The phenomenal volume and velocity of data generated in this digital world is exponentially increasing. Today, data collected across multiple feeds is heterogenous, complex and nonintuitive. The ultimate objective of collecting, storing and analyzing data at Walmart is to deliver value to customers, associates and our business. Value derived from data can be tangible, leading to increased sales and a higher return on investment, or intangible, leading to brand uplift and customer retention.

One of the proven ways organizations can realize value from their data is by building and deploying data science products. “Productizing” data science is a journey that involves translation of insights obtained from exploratory analysis into scalable models that can power data products. This involves focusing on deploying models into production systems and effectively automating and scaling them. Driving value through creation of data science products helps organizations climb the data and analytics value chain to attain significant data system maturity.
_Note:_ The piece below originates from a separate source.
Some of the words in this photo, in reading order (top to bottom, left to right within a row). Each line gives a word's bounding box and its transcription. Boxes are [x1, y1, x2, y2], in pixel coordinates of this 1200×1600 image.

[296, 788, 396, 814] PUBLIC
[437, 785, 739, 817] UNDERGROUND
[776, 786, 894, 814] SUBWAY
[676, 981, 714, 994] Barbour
Productizing data science can have many benefits. It can help embed data science across all enterprise products and democratize its applications by placing it in the hands of even nontechnical business users. This can help drive higher adoption of data science across the enterprise.
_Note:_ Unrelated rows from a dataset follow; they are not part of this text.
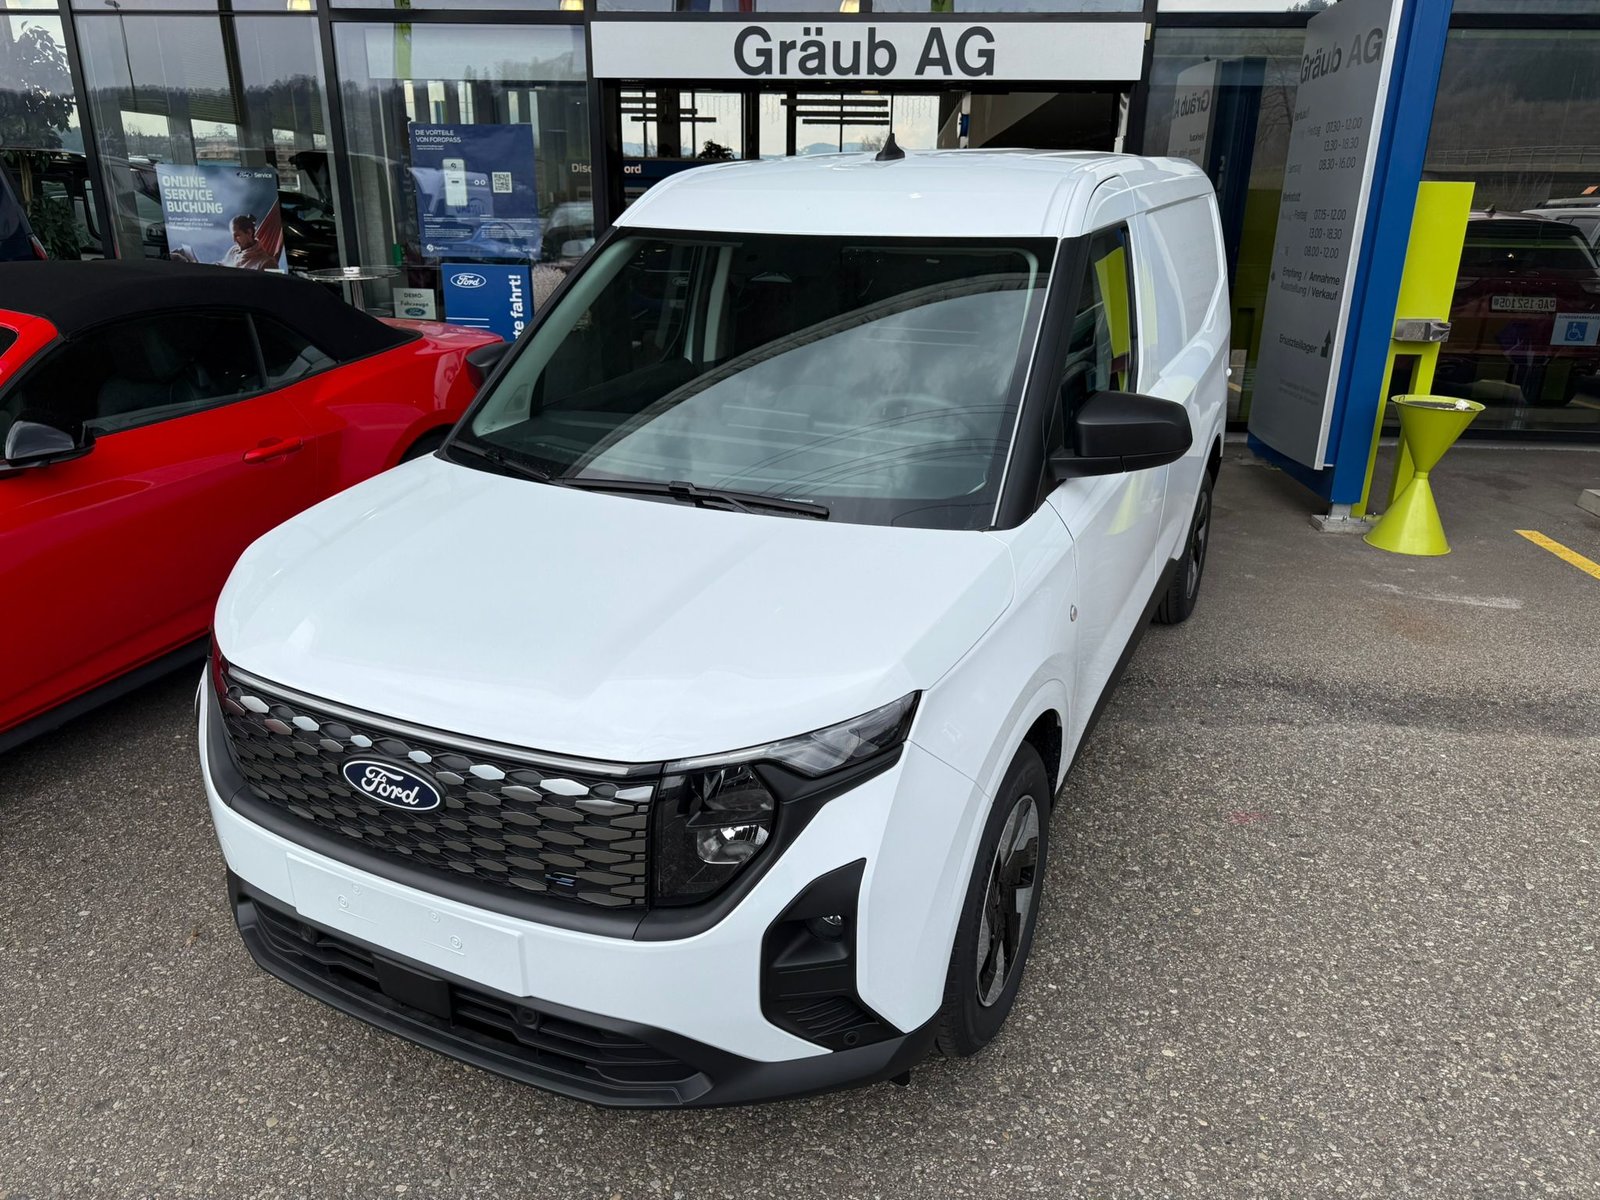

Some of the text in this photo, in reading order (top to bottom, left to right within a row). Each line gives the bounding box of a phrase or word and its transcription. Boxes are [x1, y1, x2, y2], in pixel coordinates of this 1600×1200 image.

[734, 25, 996, 77] Gräub AG
[1300, 27, 1384, 84] Gräub AG
[162, 175, 207, 188] ONLINE
[164, 188, 213, 201] SERVICE
[166, 201, 223, 214] BUCHUNG
[456, 274, 480, 287] Ford
[1309, 271, 1340, 286] Annahme
[508, 274, 524, 318] fahrt!
[1311, 287, 1338, 301] Verkauf
[1279, 333, 1317, 354] Ersatzteillager
[361, 766, 420, 805] Ford
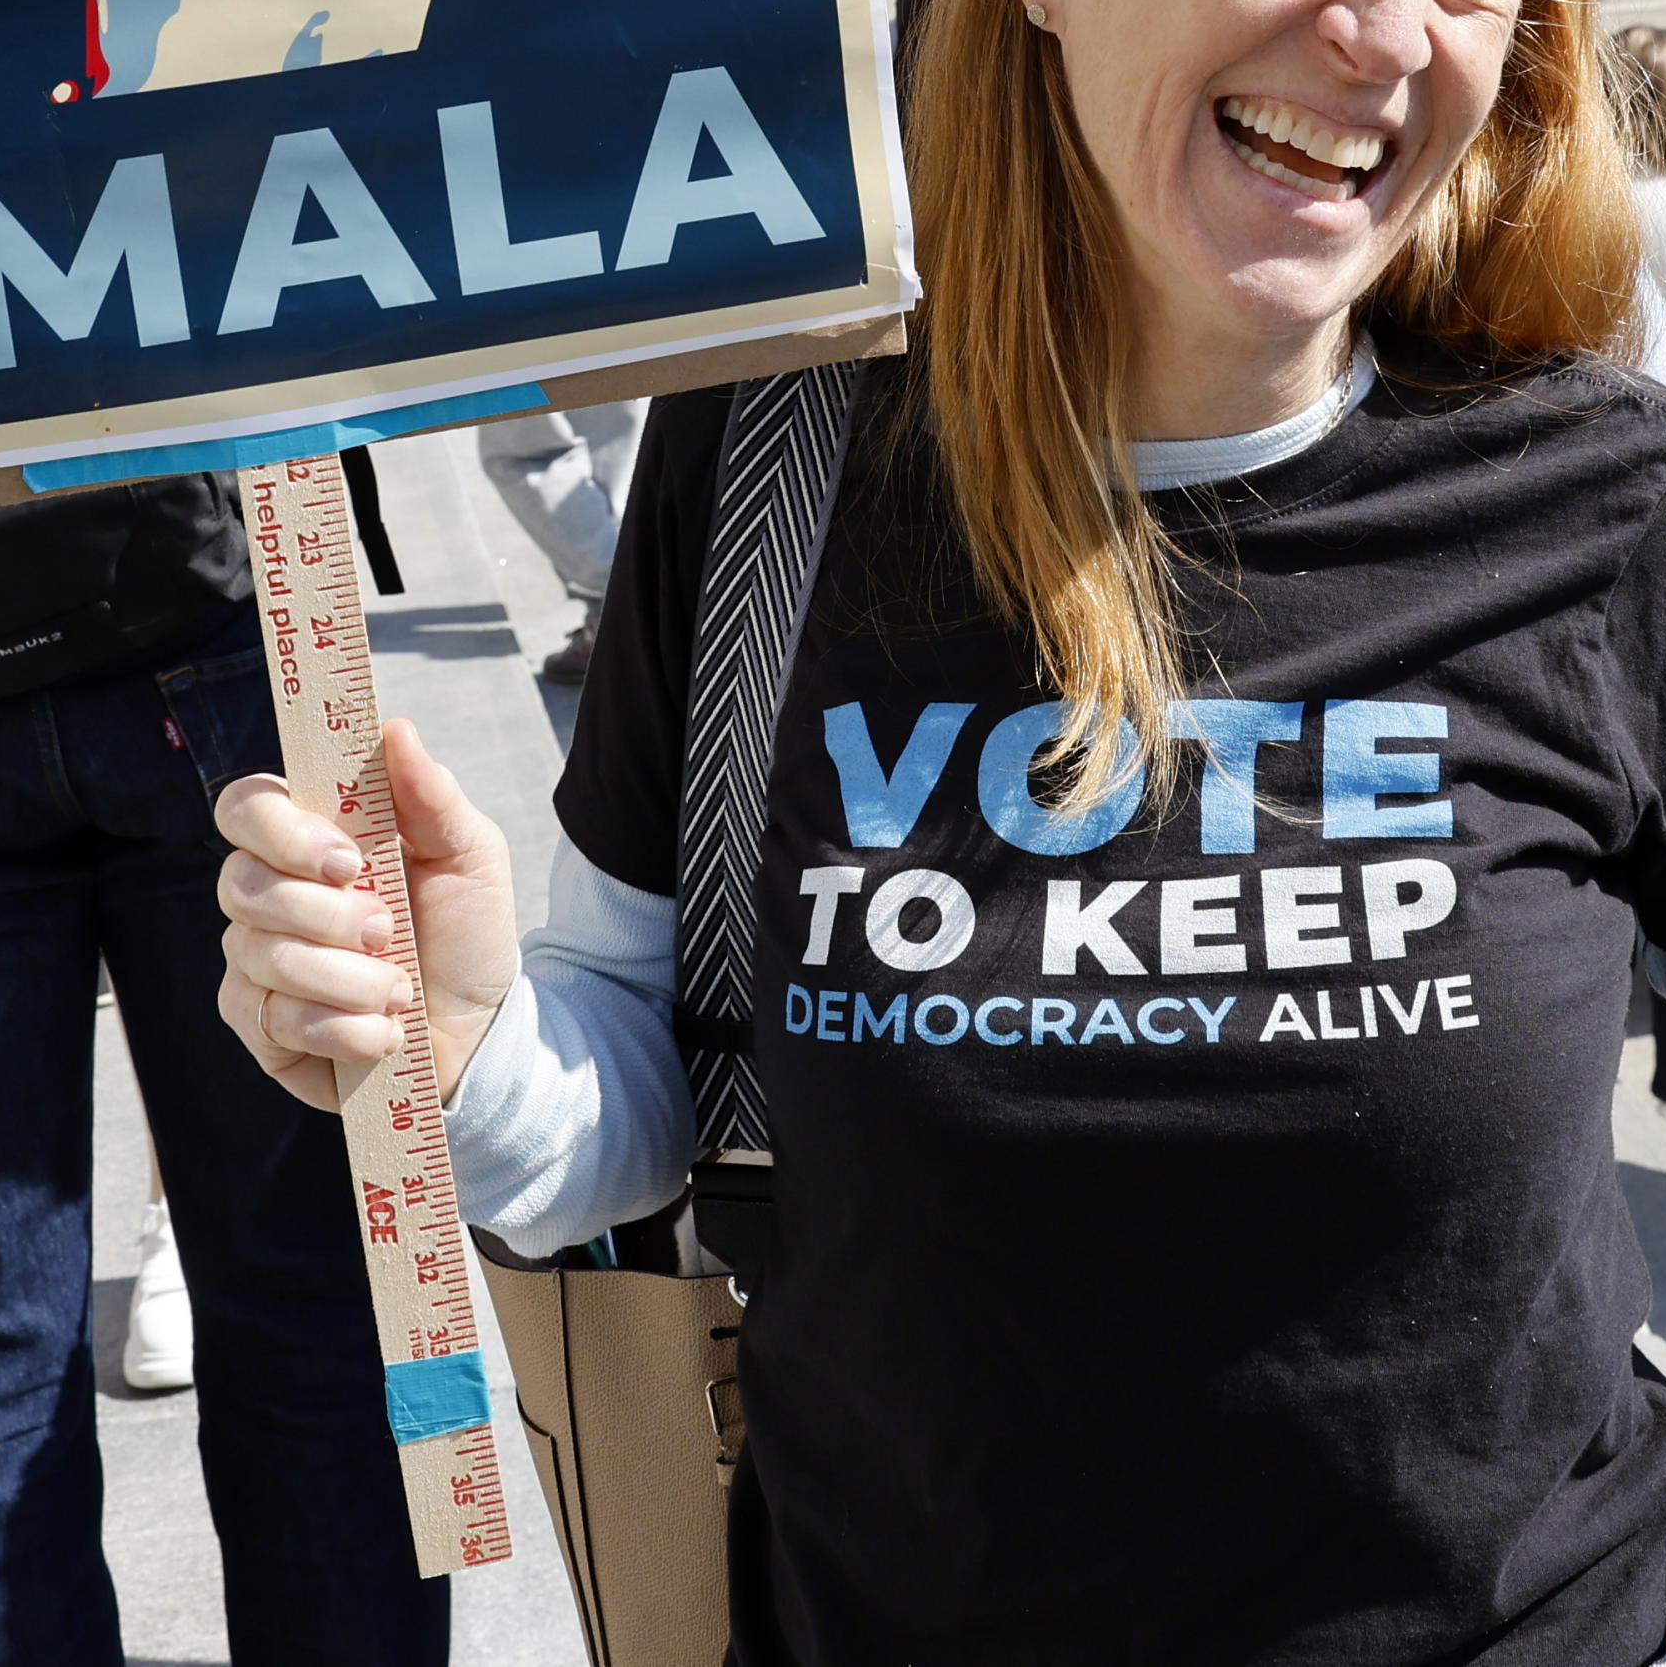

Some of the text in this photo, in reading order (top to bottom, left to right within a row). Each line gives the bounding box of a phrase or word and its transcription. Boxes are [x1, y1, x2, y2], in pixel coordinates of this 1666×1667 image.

[297, 531, 324, 567] 23
[254, 481, 301, 705] helpful place.
[310, 616, 337, 650] 24
[323, 698, 350, 732] 25
[823, 695, 1455, 854] VOTE
[337, 779, 363, 814] 26
[800, 857, 1459, 975] TO KEEP
[784, 973, 1480, 1047] DEMOCRACY ALIVE
[388, 1097, 414, 1131] 30
[401, 1174, 427, 1209] 31
[362, 1180, 399, 1245] ACE
[414, 1251, 440, 1285] 32
[426, 1326, 451, 1357] 33
[450, 1473, 476, 1506] 35
[460, 1534, 485, 1561] 36
The other big advantage of productizing data science is enhancing scale. Institutionalization of data science products can help organizations take advantage of scale. For example, the market mix models built for general merchandising, if turned into a product, can be leveraged for online grocery shopping and across different geographies. Such institutionalization of products can enhance efficiency and limit redundancy. Data science productization can generate cost savings for the organizations by reducing duplication of efforts and facilitating reuse by leveraging machine learning models as well as production systems for diversified applications.

Walmart’s Core Principles

Walmart sign exterior
Image Source: Walmart Inc.

Walmart, the world’s largest company by revenue per the Fortune 500 list, is a huge organization, servicing nearly 265 million customers each week. Each day, huge amounts of data – petabytes in size at any given time of the year – are generated across our business channels. Analyzing such massive amounts of data to derive insights requires building data science products to leverage this scale, reuse solutions for different applications and automate. We operate on the core principle of creating and realizing value from data while maintaining customer trust.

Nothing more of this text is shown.